TIM JOHNSON: I'm not sure I can really speak to the historical impact. But, of course, it—you know, I think it helped lead to a negotiated settlement, leading to the elections in Nicaragua in 1990, because it was, you know, clearly a major impact on that. But I really couldn't speak further to that.
AMY GOODMAN: But this whole issue of Eugene Hasenfus, this former marine, a mercenary, shot down over Nicaragua, then held by Nicaragua, eventually released, and his contact with the U.S. government at the time, and now you raising this issue in your current piece around the arms shipment that was found going into Venezuela—not clear exactly if there's a connection to the U.S. government, but clearly the U.S. government is very overtly supporting the attempted overthrow of Maduro, explicitly, and these flights starting a day after Maduro's inauguration on January 10th.

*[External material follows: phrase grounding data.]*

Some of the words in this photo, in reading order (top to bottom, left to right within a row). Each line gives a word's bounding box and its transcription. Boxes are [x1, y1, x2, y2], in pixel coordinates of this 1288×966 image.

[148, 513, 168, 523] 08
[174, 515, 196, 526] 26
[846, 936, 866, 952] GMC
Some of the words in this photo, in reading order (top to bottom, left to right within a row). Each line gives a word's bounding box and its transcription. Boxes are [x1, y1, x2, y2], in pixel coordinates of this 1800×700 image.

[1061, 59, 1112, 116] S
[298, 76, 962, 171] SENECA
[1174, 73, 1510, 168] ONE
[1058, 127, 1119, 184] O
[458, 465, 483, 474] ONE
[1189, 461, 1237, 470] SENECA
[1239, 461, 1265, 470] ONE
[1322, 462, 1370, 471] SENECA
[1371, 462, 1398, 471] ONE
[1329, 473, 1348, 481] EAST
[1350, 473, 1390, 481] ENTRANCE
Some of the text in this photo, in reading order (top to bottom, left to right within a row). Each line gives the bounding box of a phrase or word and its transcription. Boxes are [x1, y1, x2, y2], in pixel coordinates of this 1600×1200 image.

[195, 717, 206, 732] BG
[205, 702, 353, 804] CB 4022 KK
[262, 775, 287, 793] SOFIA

TIM JOHNSON: Well, yes, there's a lot of these coincidental links, and it's worth paying quite close attention to. Again, I use "coincidental" only because we don't really know. You know, other people point out to me that there are many people that could have a vested interest in this, whether the arms were really aboard that plane. Or, is it possible that this was something that was ginned up by the Venezuelan government to rally support for Maduro? I don't know. I just—we haven't been able to determine for a fact that those weapons were loaded aboard that 767 in Miami, that somehow they passed through the normally rigorous screening by TSA for air cargo. These are things that are just yet to be investigated.
JUAN GONZÁLEZ: And has the company answered in terms of—as you mentioned, they normally were not traveling to Venezuela and Colombia—the 40 flights, what they were actually carrying, or are they saying they just didn't know?

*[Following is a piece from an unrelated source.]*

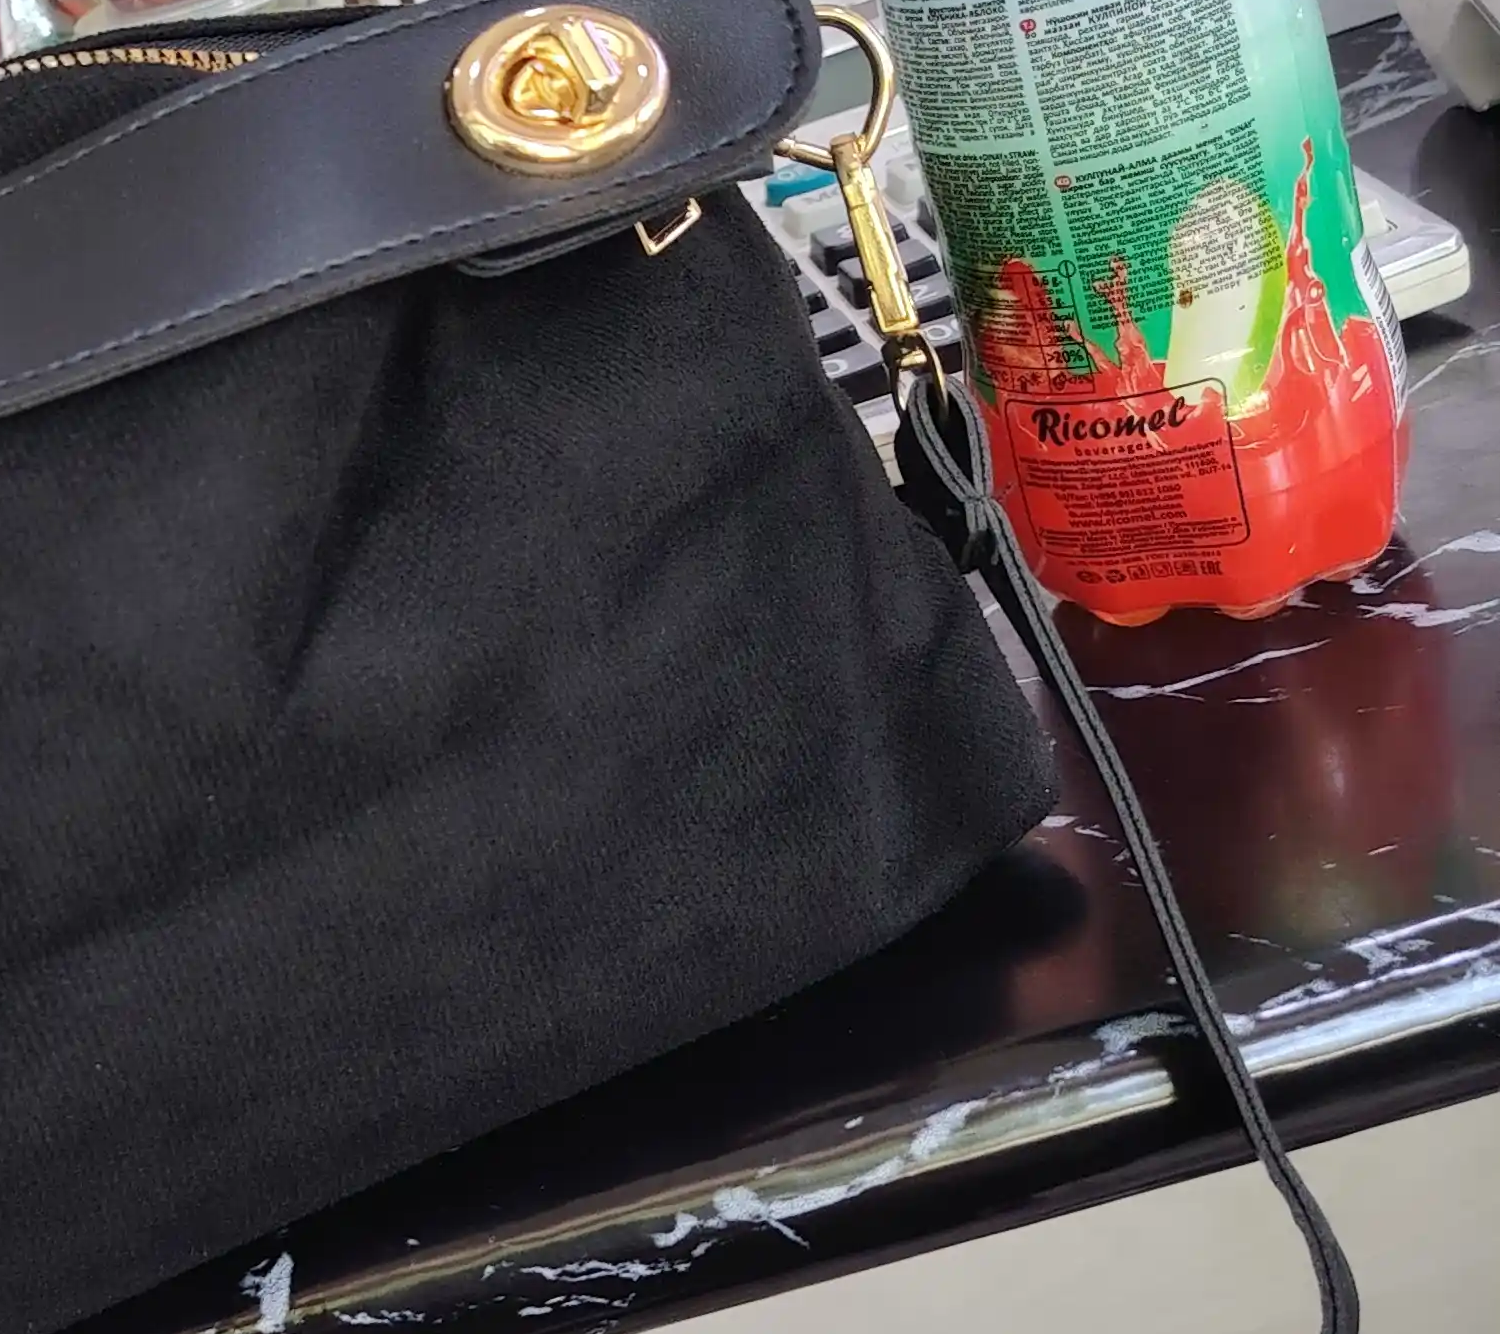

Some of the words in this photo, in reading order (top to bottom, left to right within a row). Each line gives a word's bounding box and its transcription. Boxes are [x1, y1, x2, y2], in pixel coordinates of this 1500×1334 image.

[1046, 349, 1083, 364] >20%
[1031, 395, 1187, 448] Ricomel
[1074, 440, 1152, 458] beverages

TIM JOHNSON: Both have been very limited in what they've said, other than denying that they knew what the cargo was. Generally, an air charter company would trust the consignee of the freight to handle any declarations, I believe. And for its part, GPS-Air said, well, it was—you know, it doesn't know what was in the cargo.
AMY GOODMAN: And finally, back to that issue of rendition, though you don't know exactly who this company was working for, what you do have a record of is the company being involved with the U.S. government during the President George W. Bush years, being involved with rendition and having clearance to land on any military base in the world. Can you explain what those renditions, so-called, what some called kidnappings, were about?
TIM JOHNSON: Well, basically, the renditions were to take terrorist suspects, following 9/11, for interrogation in black site jails scattered around the world. There were a number of them in Eastern Europe. I know there was one outside of Chiang Mai, Thailand, elsewhere. And these were used to, you know, forcefully interrogate, waterboard even, suspects in the war against terror. So these rendition flights were commonly used in the period after 9/11.
AMY GOODMAN: Well, I want to thank you so much for joining us, Tim Johnson, McClatchy reporter who's been covering national security and technology issues since 2016, his recent article headlined "Venezuela says plane from Miami delivered weapons for use by enemies of Maduro." Tim Johnson was part of a team that shared a 2017 Pulitzer Prize for its investigation of the Panama Papers. Earlier in his career, he spent two decades as a foreign correspondent in Asia and Latin America. We'll link to your piece at democracynow.org.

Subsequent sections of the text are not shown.